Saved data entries
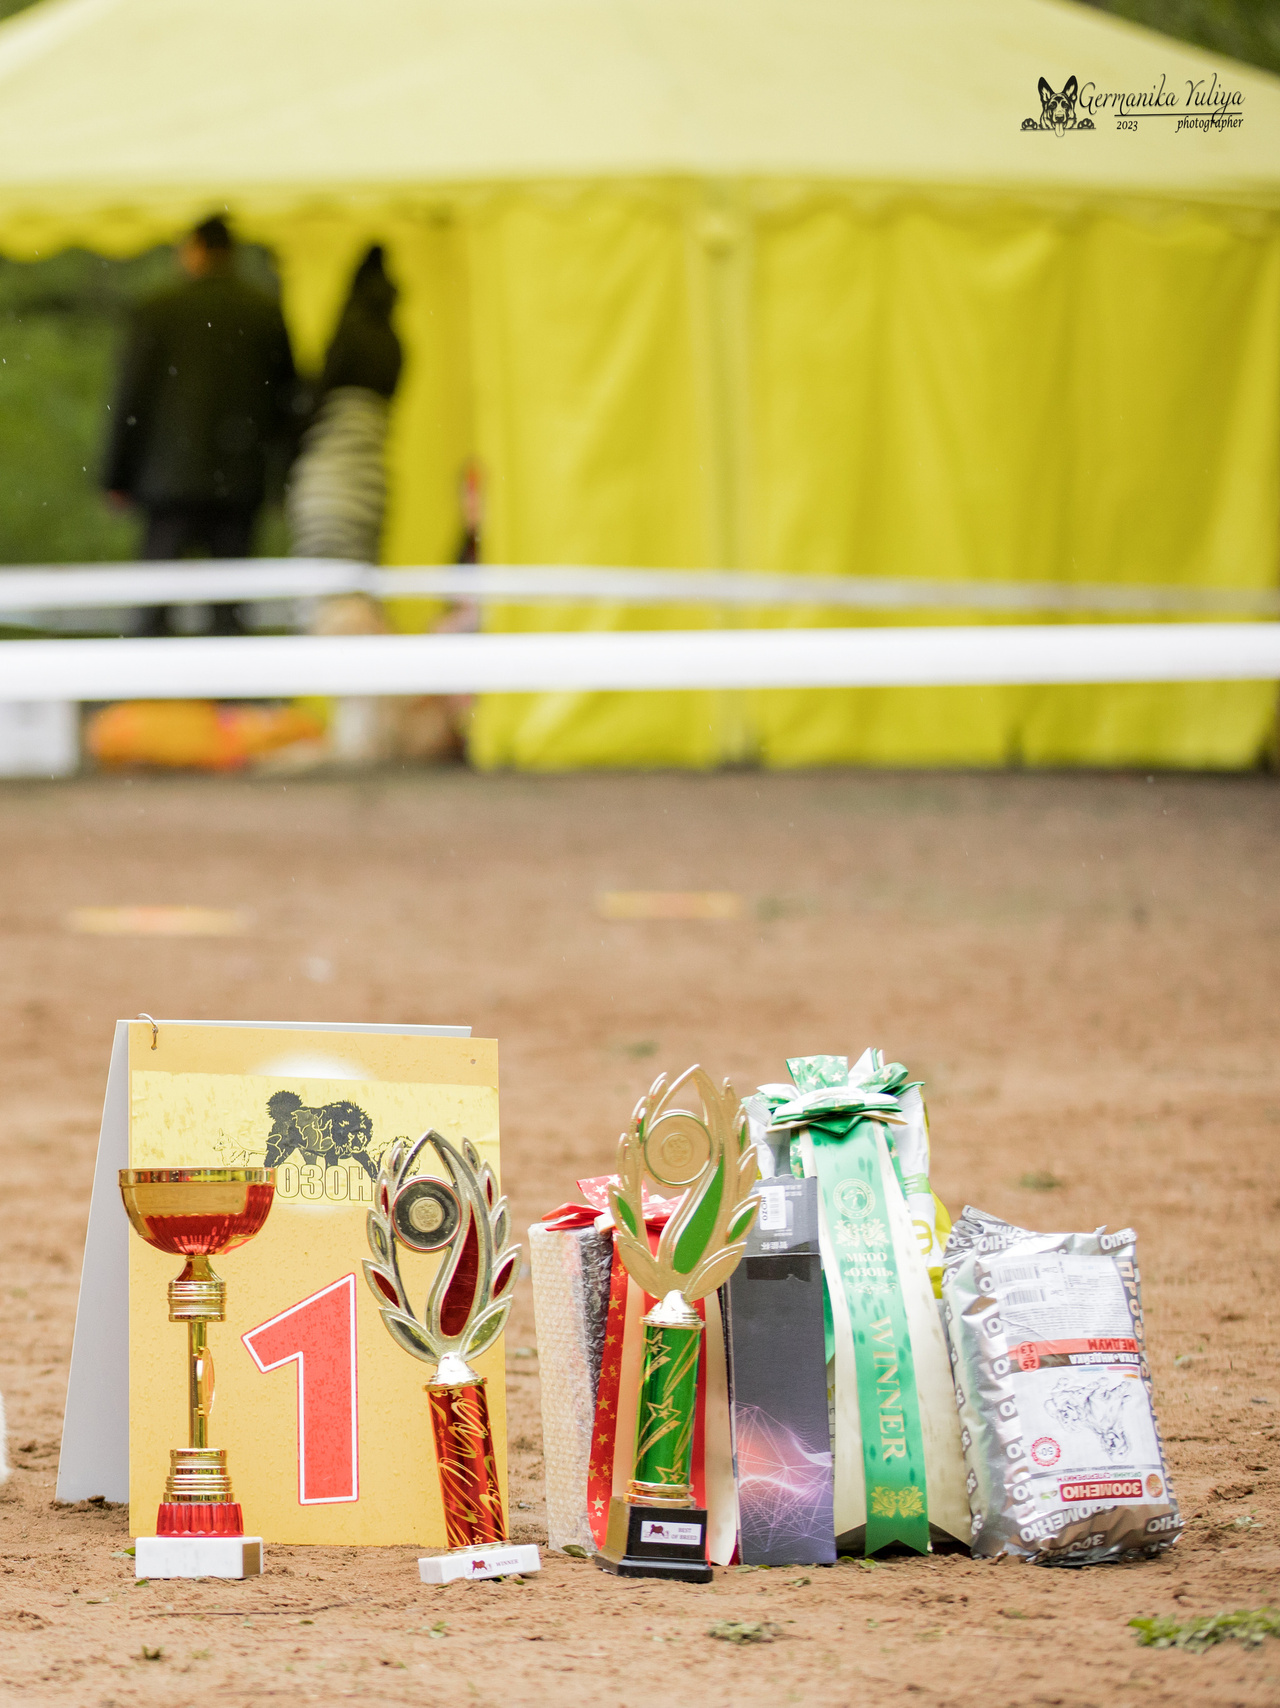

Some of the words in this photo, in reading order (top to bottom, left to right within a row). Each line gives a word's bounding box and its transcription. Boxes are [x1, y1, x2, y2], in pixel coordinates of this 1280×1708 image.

[276, 1162, 373, 1202] ОЗОН
[1087, 1338, 1136, 1350] МЕДИУМ
[1022, 1359, 1036, 1370] 25
[240, 1272, 359, 1505] 1
[869, 1315, 907, 1461] WINNER
[1062, 1482, 1142, 1499] ЗООМЕНЮ
[495, 1559, 519, 1567] WINNER
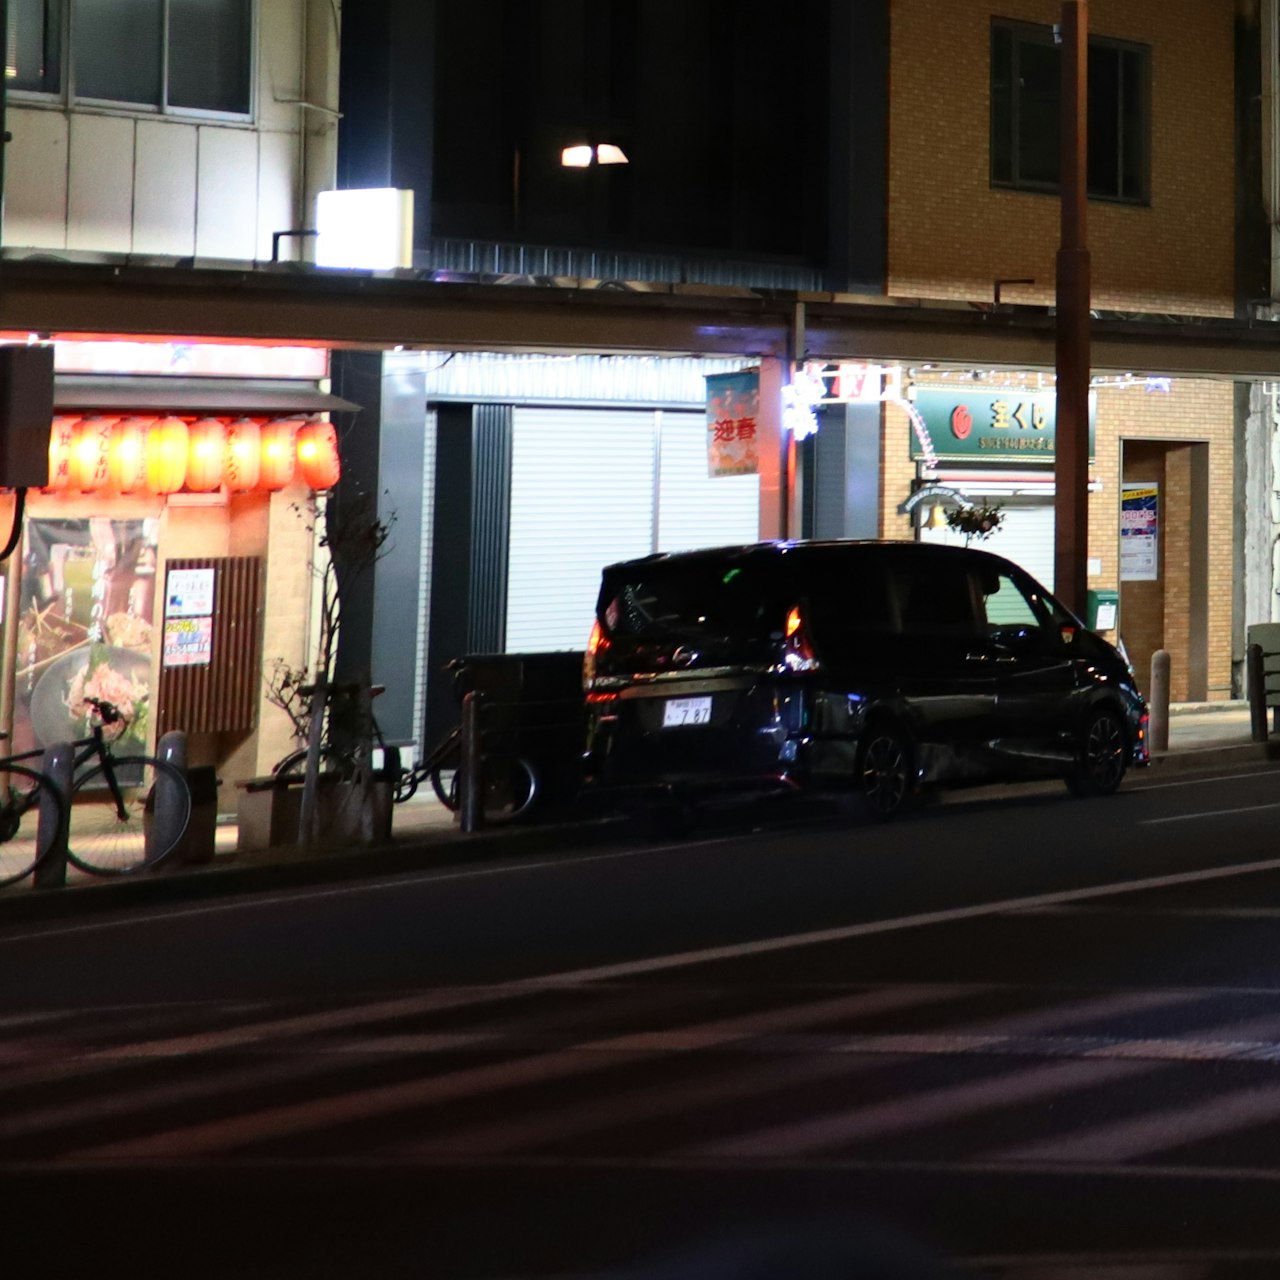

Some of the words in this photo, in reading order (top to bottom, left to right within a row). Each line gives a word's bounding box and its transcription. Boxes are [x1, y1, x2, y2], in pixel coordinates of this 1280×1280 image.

→ Action item
All records should be output exactly, with the pictures left out.

→ Written reply
Some of the words in this photo, in reading order (top to bottom, left to right within a row). Each line gives a word's bounding box and its transcription. Boxes are [x1, y1, x2, y2], in pixel coordinates of this 1280×1708 image.

[276, 1162, 373, 1202] ОЗОН
[1087, 1338, 1136, 1350] МЕДИУМ
[1022, 1359, 1036, 1370] 25
[240, 1272, 359, 1505] 1
[869, 1315, 907, 1461] WINNER
[1062, 1482, 1142, 1499] ЗООМЕНЮ
[495, 1559, 519, 1567] WINNER

Some of the words in this photo, in reading order (top to bottom, left to right within a row). Each line gives a word's bounding box and its transcription. Boxes are [x1, y1, x2, y2], in pixel coordinates of this 1280×1280 image.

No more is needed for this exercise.